Complexity & Organisations
Understanding the nature of organisations and teams as ‘complex adaptive systems’ is crucial for embracing New Ways of Working. Traditional linear thinking, with its flawed assumption that all events in our teams and organisations can be predicted and controlled, falls short in addressing the realities of modern the modern workplace. Complexity theory acknowledges that not everything operates in a linear, predictable manner. In complex systems, such as our teams and organisations, cause and effect aren't always directly linked, and surprising, emergent properties can arise unpredictably. Embracing this complexity means adopting ways of working that facilitate emergence, adaptation, and learning, rather than imposing rigid controls.

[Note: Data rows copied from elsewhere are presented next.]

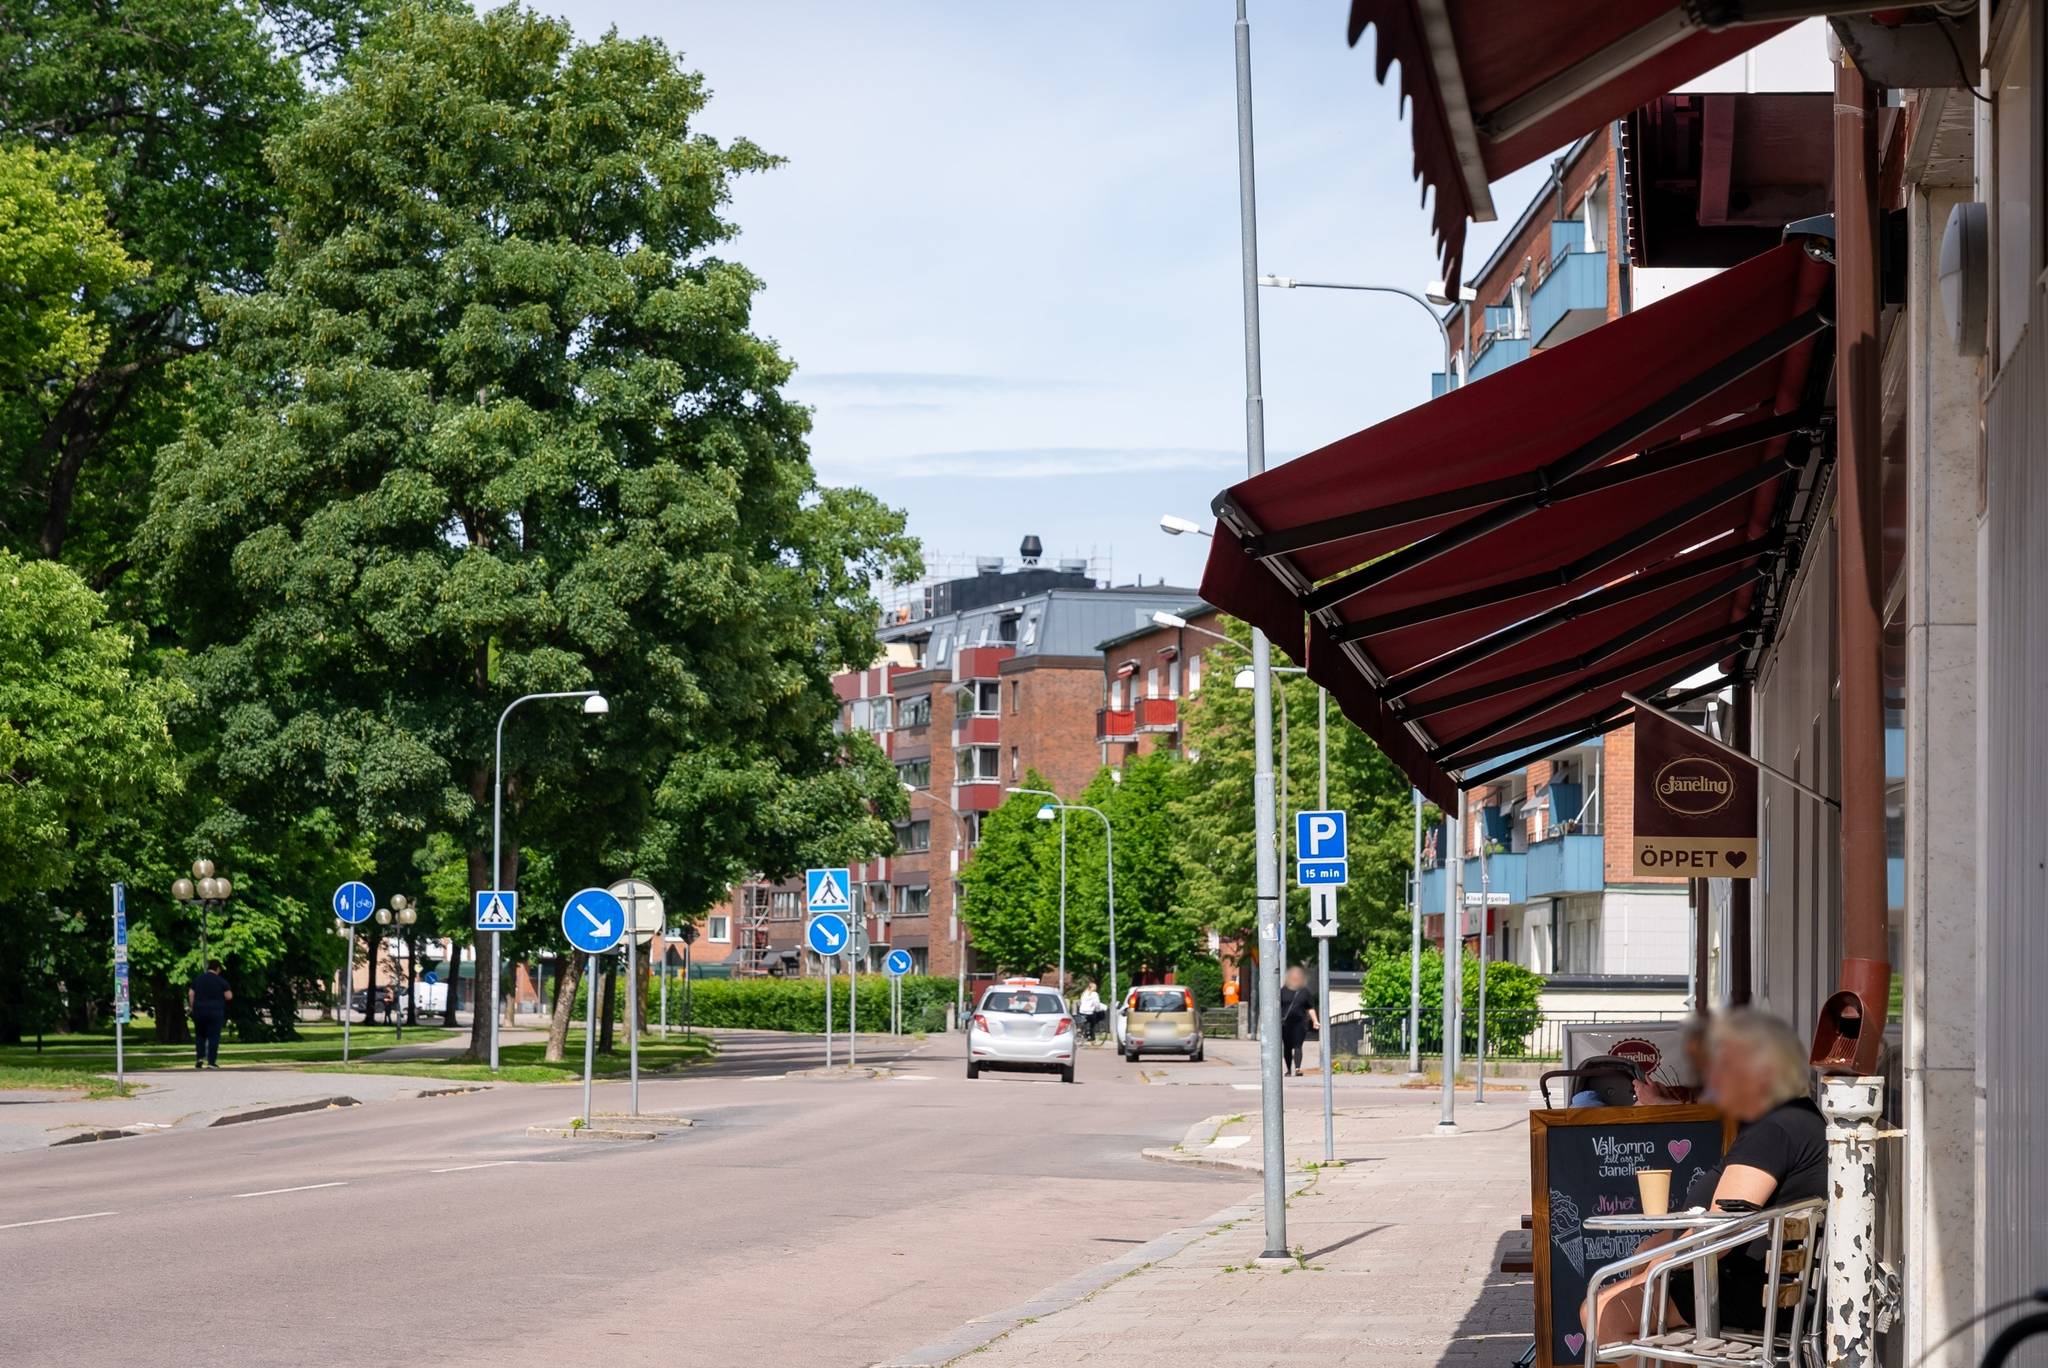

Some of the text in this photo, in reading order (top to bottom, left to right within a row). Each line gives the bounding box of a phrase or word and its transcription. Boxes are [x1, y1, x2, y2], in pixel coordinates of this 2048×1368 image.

[1310, 816, 1337, 855] P
[1640, 845, 1718, 867] ÖPPET
[1305, 868, 1340, 878] 15 min
[1592, 1136, 1655, 1156] Välkomna
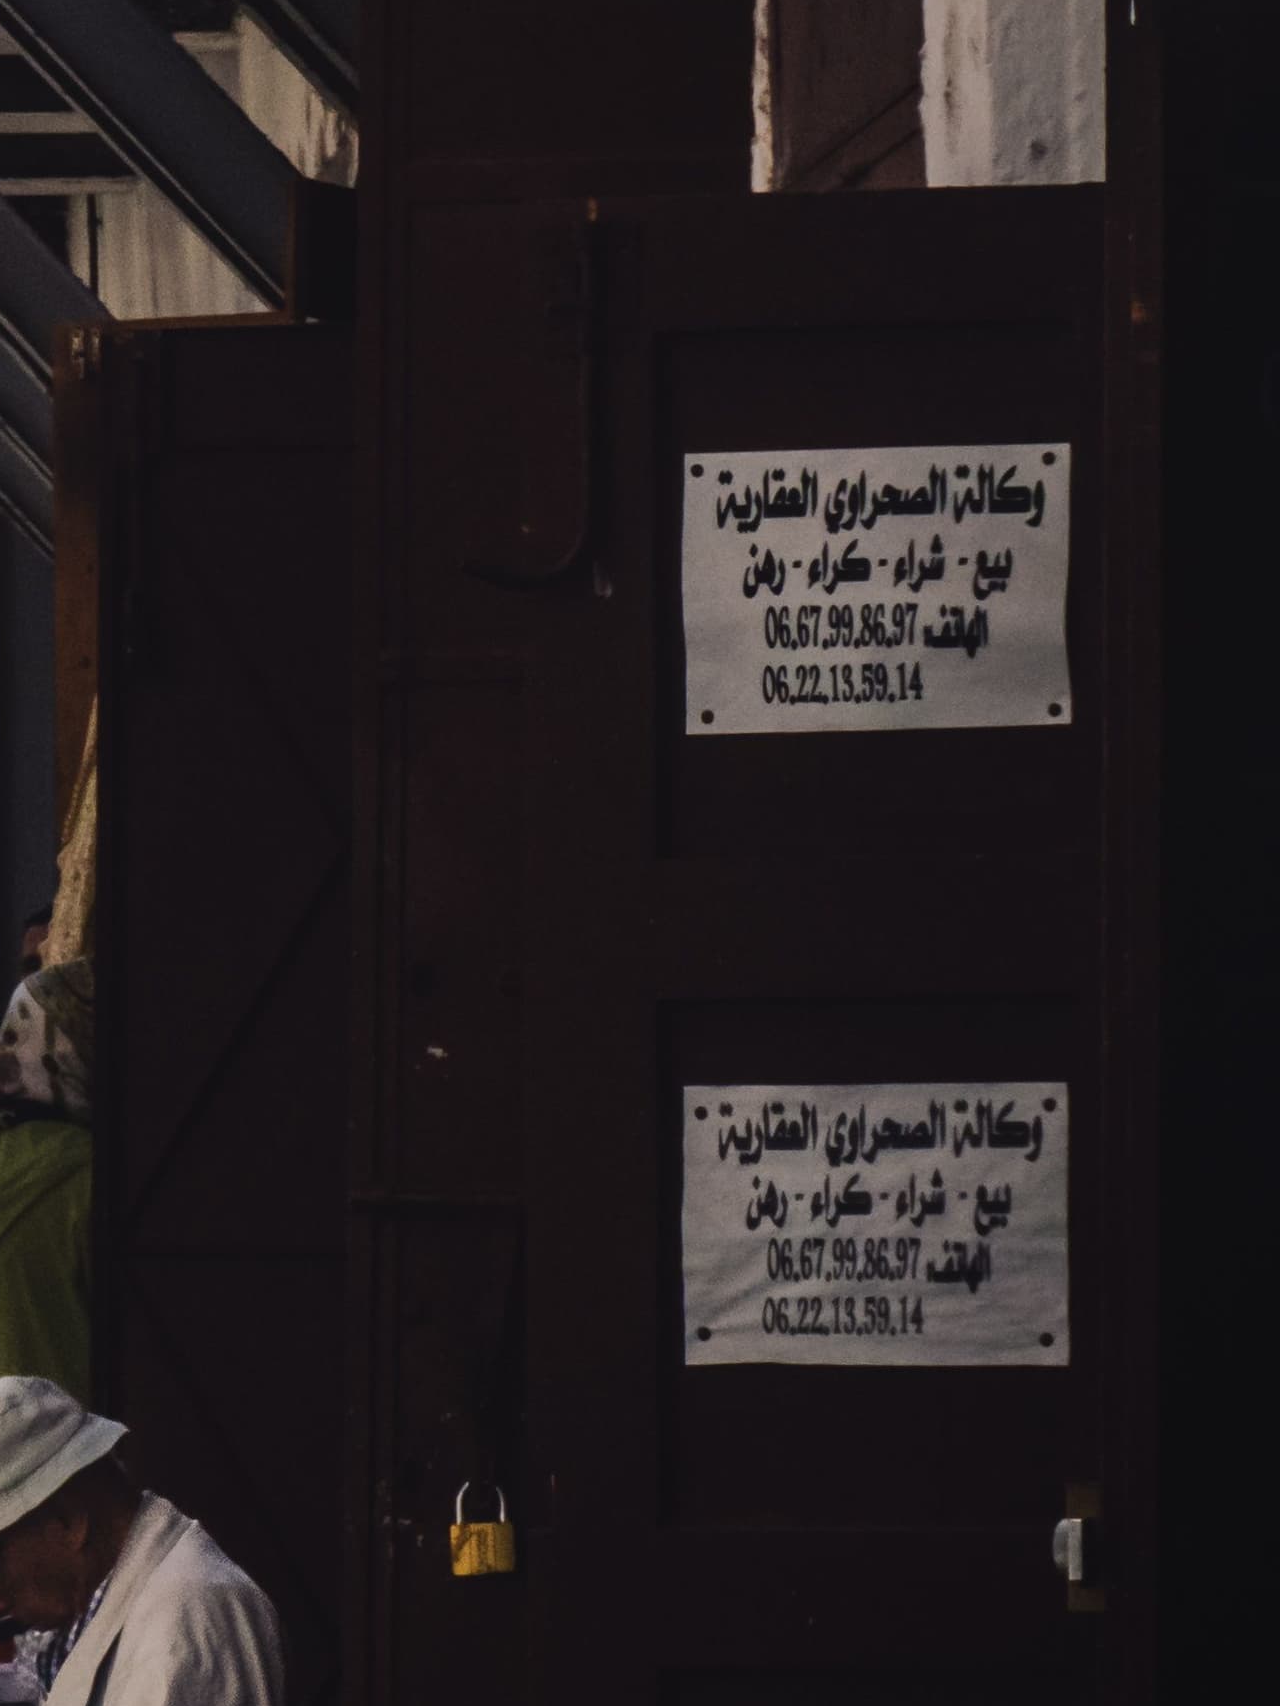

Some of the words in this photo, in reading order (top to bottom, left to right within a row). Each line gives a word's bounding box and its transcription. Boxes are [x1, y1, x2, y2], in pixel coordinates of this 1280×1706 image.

[716, 468, 818, 533] العقارية
[824, 464, 948, 535] الصحراوي
[953, 463, 1045, 528] وكالة
[743, 544, 786, 599] رهن
[808, 539, 872, 595] كراء
[894, 534, 946, 593] شراء
[972, 548, 1013, 601] بيع
[764, 602, 918, 651] 06.67.99.86.97
[762, 661, 924, 705] 06.22.13.59.14
[718, 1101, 818, 1166] العقارية
[824, 1099, 946, 1168] الصحراوي
[953, 1099, 1044, 1163] وكالة
[745, 1175, 788, 1231] رهن
[810, 1173, 873, 1229] كراء
[896, 1169, 947, 1228] شراء
[974, 1184, 1012, 1235] بيع
[768, 1237, 921, 1283] 06.67.99.86.97
[762, 1295, 924, 1337] 06.22.13.59.14

Shifting from linear to complex thinking is a game-changer. Life becomes much simpler when we acknowledge the nature of the systems we are working with. Given that our organisations and teams operate in a complex and unpredictable environment, we must treat them accordingly. They consist of interconnected and interdependent parts that continuously interact in unpredictable ways. This means traditional management approaches, which try to control and predict outcomes, often lead to frustration and inefficiency in these dynamic environments.
Recognising the inherent complexity of organisations allows leaders to be more flexible and adaptive. This involves creating conditions that enable the emergence of behaviours and outcomes, fostering innovation, and promoting resilience in the face of change. Instead of trying to micromanage every detail, leaders can set the stage for experimentation and learning.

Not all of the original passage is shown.